É triste reconhecer que o Governo do Estado, tão pródigo na criação e
manutenção de tantas Secretarias, não dê autonomia e independência para esses
três setores importantíssimos, que são o Turismo, o Esporte e a Cultura. Não há
como reconhecer a importância do Turismo para a economia do Estado. Mas esse
setor também não consegue se desenvolver e expandir suas potencialidades da
forma como está situado. As demandas do Turismo são vastas e complexas e
precisam de um planejamento próprio. O mesmo vale para o Esporte e a Cultura,
que são determinantes para uma política pública séria que pensa em formação de
cidadania e inclusão social. Se em determinado momento o Turismo se entrelaça
com a Cultura, essa área de convergência é ínfima para justificar tal
atrelamento. Arrisco dizer que de cada mil turistas que visitam o Estado,
depois da praia menos de uma dúzia procuram por um museu, teatro ou galeria de
arte. O destino natural são os shoppings, bares, restaurantes e baladas. Isso é
óbvio.
A Cultura padece ainda mais por esse equívoco administrativo, pois
sobrevive à sombra do Turismo. As casas de cultura e espaços culturais vivem à
míngua. Os artistas há muito foram deserdados, com os poucos editais públicos
de fomento às atividades artísticas sendo ano a ano empurrados com a barriga,
procrastinados ou adiados. O que impera é a política neoliberal de
transferência de responsabilidade das decisões sobre a Cultura para a
iniciativa privada, na medida em que a principal ação de governo é induzir os
produtores e agentes culturais a utilizar os mecanismos de incentivo fiscal.
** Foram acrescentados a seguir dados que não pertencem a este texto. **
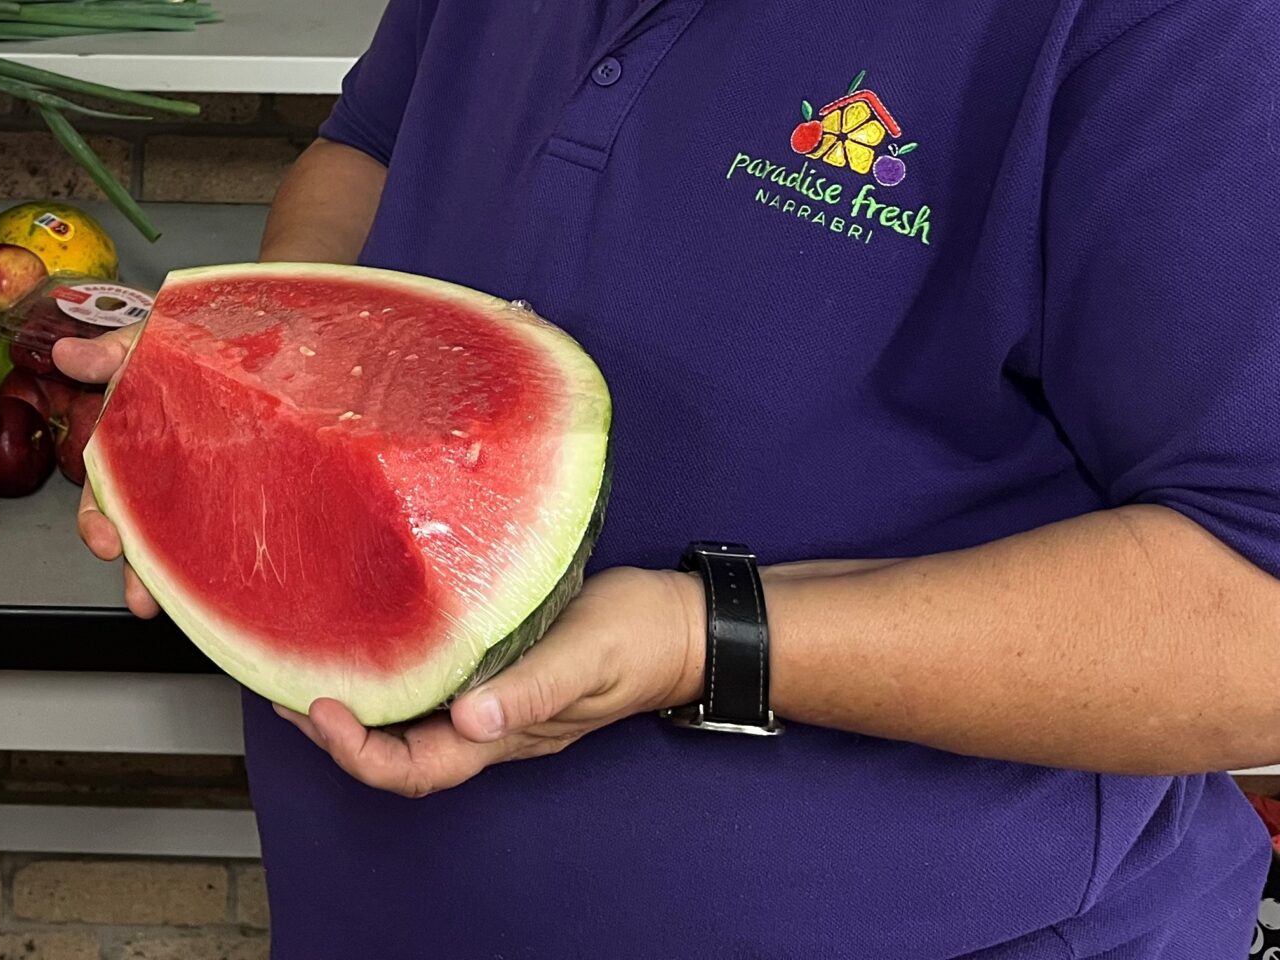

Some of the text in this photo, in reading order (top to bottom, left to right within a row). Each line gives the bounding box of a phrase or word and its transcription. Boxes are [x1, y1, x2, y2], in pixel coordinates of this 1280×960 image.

[727, 152, 930, 245] paradise fresh
[756, 189, 872, 244] NARRABRI
Isso quando o próprio Governo não compete de forma desigual com os produtores
independentes, indo ao mercado captar patrocínio para seus próprios projetos,
como no caso emblemático da Ponte Hercílio Luz. E com isso, o que resta como
marca de ação governamental são a ausência, o autoritarismo e a instabilidade
na área cultural.
Na última segunda-feira, 25 de novembro, tive a honra de ser agraciado
com a Medalha do Mérito Cultural Cruz e Souza. A maior honraria da Cultura no
Estado, algo que nunca cobicei e que jamais imaginei alcançar. Ainda tenho
dúvidas se de fato sou merecedor de tal distinção. Mas como estava em ótima
companhia, resolvi aceitar. Juntos estavam, in memoriam, o mestre
Zininho e o escritor Holdemar de Menezes, mais o coreógrafo Amarildo Cassiano,
do Ballet Bolshoi de Joinville, o cenotécnico e administrador cultural Osni
Cristóvão, o historiador e fotógrafo Joi Cletison Alves, e as instituições
Associação Coral de Chapecó, Federação Catarinense de Teatro – FECATE, Museu
Victor Meirelles e Biblioteca Pública do Estado. Confesso que quando o
escritor Amilcar Neves, membro do Conselho Estadual de Cultura, fixou em meu peito
a medalha que leva o nome de Cruz e Souza, a emoção bateu forte e invadiu a
minha alma. Um momento fugaz, que ficará guardado eternamente. Só que a
realidade dos fatos logo me fez trocar em parte a alegria pela tristeza, o
envaidecimento pela indignação.
A começar pela consciência de que a sina de Cruz e Souza, apesar da
passagem do tempo, ainda persiste entre boa parte dos que se atrevem a fazer da
arte uma profissão de fé. Gênio do simbolismo universal, maior poeta
brasileiro de todos os tempos na minha modesta opinião, Cruz e Souza morreu na
mais absoluta miséria. Em vida, sofreu na pele negra a rejeição causada pelo
preconceito e racismo, tendo suportado a dor de ver quatro de seus filhos
morrerem de tuberculose e a mulher Gavita enlouquecer aos poucos diante de
tanto sofrimento, decorrente da fome e da péssima condição de vida da família.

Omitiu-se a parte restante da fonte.